Jesuíno Francisco de Paula Gusmão (Santos, São Paulo, 1764 - Itu, São Paulo,
1819). Pintor, arquiteto, escultor, encarnador, dourador, entalhador, mestre em
torêutica, músico, poeta. Negro, filho de Antônio Gueraldo Jácome e Domingas
Inácia de Gusmão, sobrinha do padre jesuíta brasileiro Bartolomeu Lourenço de
Gusmão, conhecido como Padre Voador. Em 1781 transfere-se para Itu e vive
entre religiosos locais. Na construção da Igreja Matriz Nossa Senhora da
Candelária, trabalha como ajudante do pintor José Patrício da Silva Manso (ca.1753-
1801), de quem se torna auxiliar e discípulo. Na cidade de São Paulo, em 1796,
pinta o forro da nave da Igreja da Ordem Terceira de Nossa Senhora do Carmo e os
painéis do antigo Convento de Santa Teresa, que atualmente compõem o acervo
do Museu de Arte Sacra de São Paulo (MAS). Ao enviuvar, após breve vida matrimonial,
que lhe gerou cinco filhos, ingressa na vida religiosa. É ordenado padre carmelita
em 1797, e adota o nome de Frei Jesuíno do Monte Carmelo. Reza sua primeira
missa no ano seguinte. Em Itu, realiza os forros da capela-mor e da nave da Igreja
e Convento de Nossa Senhora do Carmo, por volta de 1784, e os painéis laterais
da capela-mor da Igreja Matriz de Nossa Senhora da Candelária, datados do fim
do século XVIII. Entre 1815 e 1819, dirige a construção da Igreja e Convento de
Nossa Senhora do Patrocínio, desempenhando simultaneamente as tarefas de
arquiteto, mestre-de-obras, pintor e escultor.

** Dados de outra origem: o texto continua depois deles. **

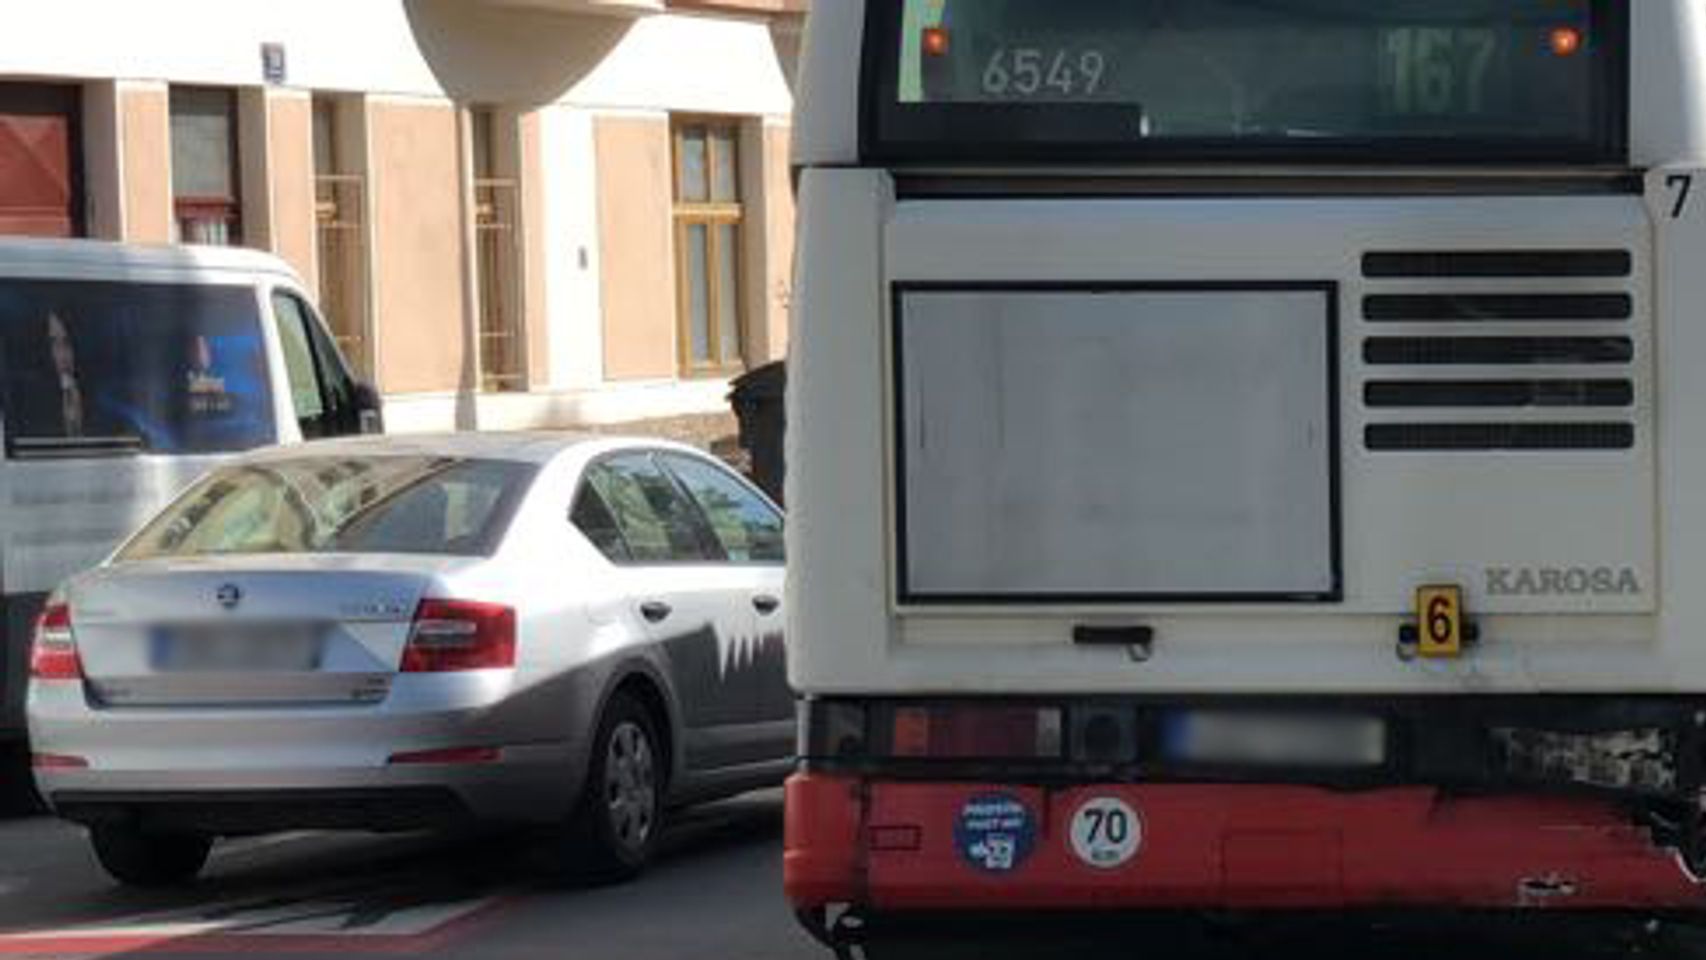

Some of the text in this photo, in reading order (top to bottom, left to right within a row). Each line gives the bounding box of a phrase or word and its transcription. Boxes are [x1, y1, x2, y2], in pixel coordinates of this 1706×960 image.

[982, 50, 1105, 94] 6549
[1388, 28, 1495, 112] 167
[1666, 174, 1691, 218] 7
[1486, 567, 1642, 595] KAROSA
[1427, 597, 1452, 643] 6
[1084, 809, 1128, 843] 70

Realiza ainda oito quadros para a
igreja e compõe músicas sacras para sua inauguração. Falece antes de terminar a
obra, que é concluída por seus filhos e inaugurada em 1820. Em 1945, é
publicado pelo Serviço do Patrimônio Histórico e Artístico Nacional (Sphan), em
São Paulo, o livro de Padre Jesuíno do Monte Carmelo de Mário de Andrade (1893-1945).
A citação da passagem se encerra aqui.